FreeSysInfo is a free system information utility that shows you detailed system information of your computer. You can view the details of the hard disks, devices installed and attached to the computer, user accounts, network shares and more information about the network adapters installed.
You can also use this system information utility as an advanced process explorer to view more information about the system processes. FreeSysInfo can also fetch the current system settings. This tool can be a very good addition to your system diagnostics tools.
How many places would you go to get some basic information about your computer? Even to view your computer’s name, you would right-click on the Computer icon to get that. And if we talk about knowing something about the devices installed in the computer, the best place I know off, is the Device Manager. Though this gets you the information in a well formatted way, wouldn’t it be great if you get all the information at one place.
This system information utility does exactly that. Because of the simple interface, it lets you easily find the information you need. Just by clicking on the drop down menu to choose the information you need, this tool is something that should go into your arsenal of diagnostic tools.
Lets look at some of the features with FreeSysInfo.
Gathering the System Information
If I were to diagnose a computer, the first place to begin with is by gathering the system information for the computer I am working on. These are some of the crucial information that you would want to know before you even run your set of diagnostic tools on the computer. As some of the software and fixes you run, might not work with all version of Windows.
Gathering the basic system information has been simplified with this system information utility. Just by choosing the System Info would get you the current Boot Device, the operating system, the computer’s name, the system directory and lot more useful information that you would like to know about the system.
While you’re gathering the system information for the target computer, you might be aware that you can also use the inbuilt System Information tool. This can be accessed by going to the “Run” box (Windows Key+R key) and typing “msinfo32”.
You might be curious to know more about the user accounts in your computer. This system information utility not just shows you the user accounts but more advanced details of that. Some of these advanced stuff would include the SID, Account Type, lets you check when the password expires etc.
You have lots of stuff in there however I like to use this tool to check for system’s security settings. When we install Windows, the user account created, lets you do pretty much everything. I can use this system information utility to know what kind of user accounts exists on the system and change the level of access accordingly.
Just to let you know that you can quickly manipulate user account in your computer by going to the “Run” box (Windows key + R key) and typing “control userpasswords2”. Just click on the OK (or hit Enter) and it would let you change the groups for the user accounts, set the passwords and more.
Network Shares are resources shared on the network. It could be anything from printers, fax machines or even folder (could be an entire disk as well) that is accessible over the network.
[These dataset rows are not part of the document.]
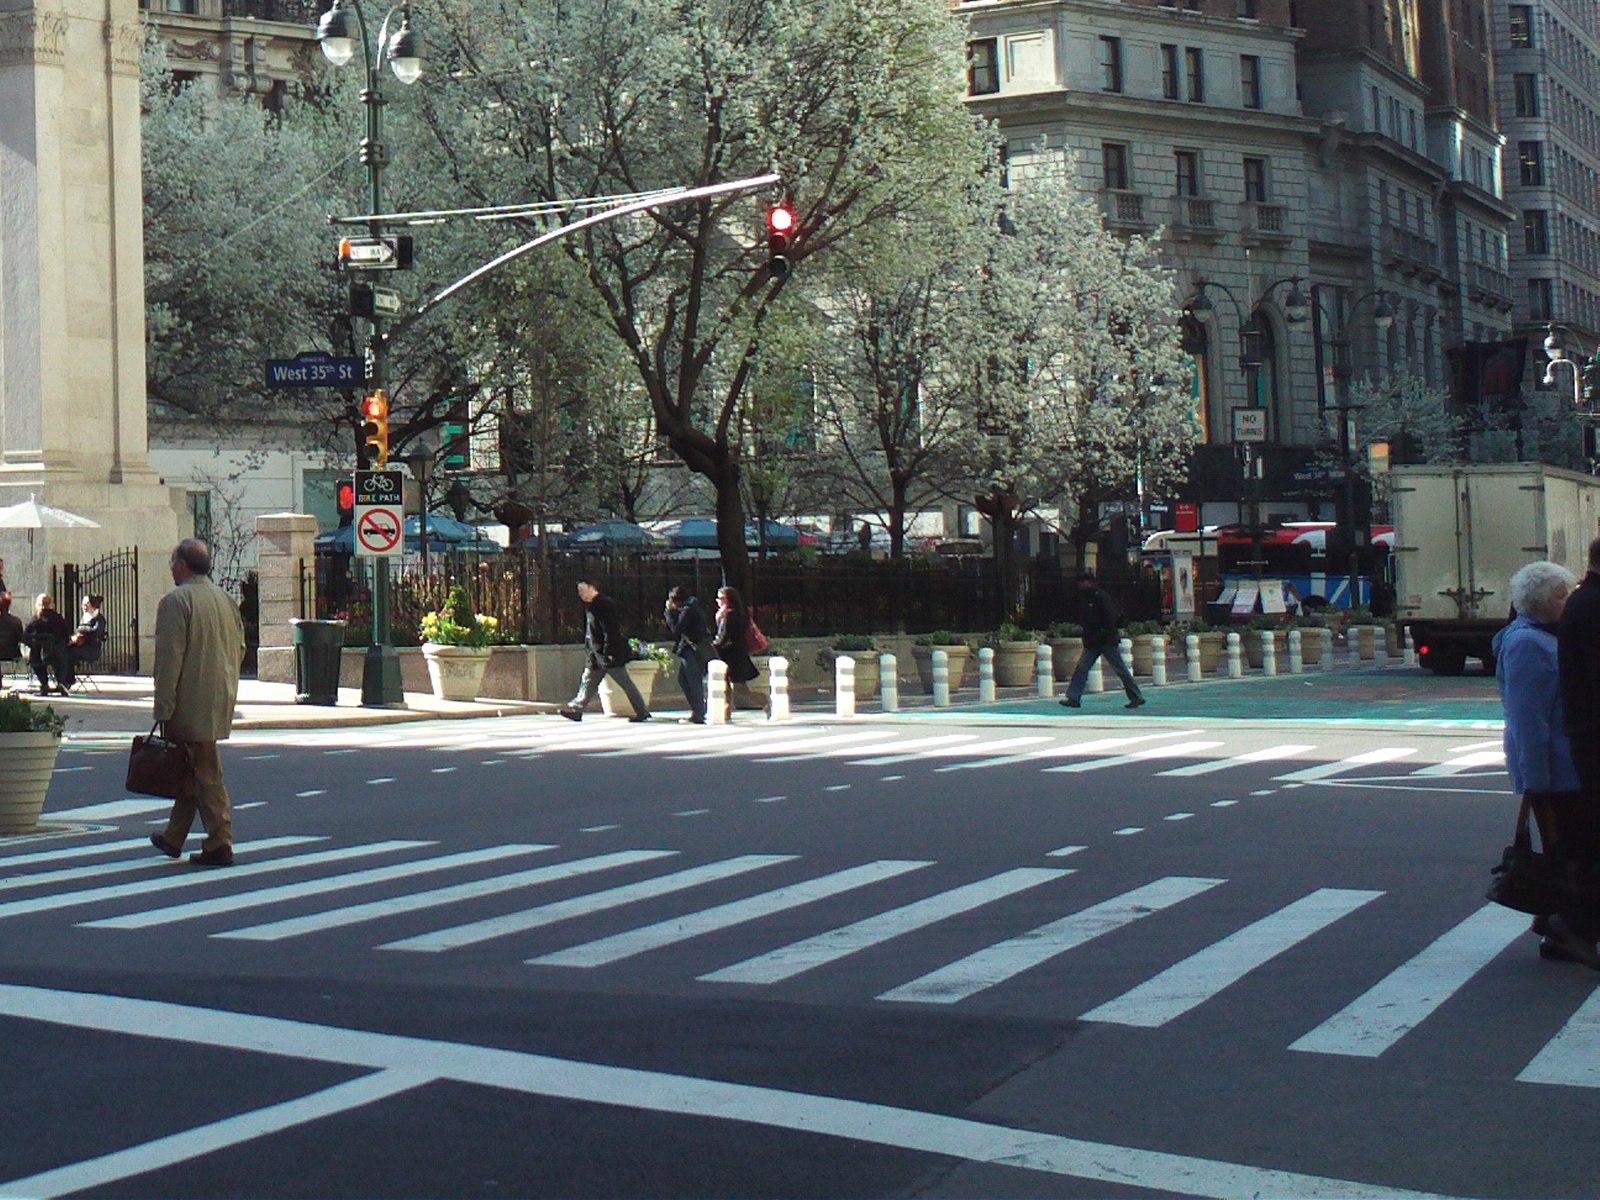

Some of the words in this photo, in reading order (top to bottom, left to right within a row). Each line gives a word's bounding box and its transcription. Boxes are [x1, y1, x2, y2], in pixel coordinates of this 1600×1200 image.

[273, 365, 308, 381] West
[310, 364, 336, 380] 35th
[339, 364, 353, 380] St
[1242, 414, 1257, 424] NO
[1236, 427, 1263, 437] TURNS
[379, 493, 400, 502] PATH
There is nothing wrong with sharing something (that’s what we were taught) but you got to know what you’re sharing and with whom.
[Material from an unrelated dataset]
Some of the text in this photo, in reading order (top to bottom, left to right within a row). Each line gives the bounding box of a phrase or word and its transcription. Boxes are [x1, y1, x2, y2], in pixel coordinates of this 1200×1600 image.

You can easily fetch the network share information by choosing the Share Info option from the drop down list and clicking on the “Get System Information” button.
While reading some articles on security, I came to know that your computer can be comprised (owned) even through the shares that is present in your computer. The Administrative Shares that lets Administrators to access the system resources remotely. Though this is not a bug or a security hole, it can be used to make a way through to your computer. It’s better to patch up things before someone gets in your computer. While your Windows operating system is getting updated with right patches, that’s not going to be a problem.
I would also recommend you to check you this wonderful article on Share Watcher, that monitors your shared folders and tell you who accessed them and when.
This can be useful feature and I might use this tool when I am troubleshooting issues with regards to missing drivers for my network adapters. That’s just one of its uses. You can get a detailed view of what you would get in the device manager.
I can use the PNPDeviceID part in this window, to search for the manufacturer and device type of the network adapter present in my computer. I might not have a CD for the device driver available with me and I might not even know the manufacturer for the adapter installed. I can go for the VEN_1841 and DEV_5360 part of this adapter, search it on pcidatabase to check the manufacturer and the device type. Once I know the manufacturer and the device, it’s not difficult for me to go to their website and download the driver for the network adapter.
Apart from these cool features, this system information utility lets you do a lot more. You can use it to get more information about the hard disk and its partition, the size of it, free space available on the disk, volume name, the type of disk etc. FreeSysInfo lets you view the Display Info (shows you more information about the Monitor), processes running in the system, more information about the devices installed in the computer and other system information.
I tested this software with Windows 7 and it works perfectly. I just love the way it quickly dumps the information I want. As all of those tools are inbuilt into this system information utility, gathering system information has now become easier with this tool. Even if I have to forward this information to someone, I could easily do that by just selecting all of it and pasting it into a text file.
I would say, this is something that you should download and install if you’re diagnosing a computer for errors, missing drivers, assessing the security and looking for some security holes in the system. FreeSysInfo has covered almost everything; lets you find the right place to start the digging.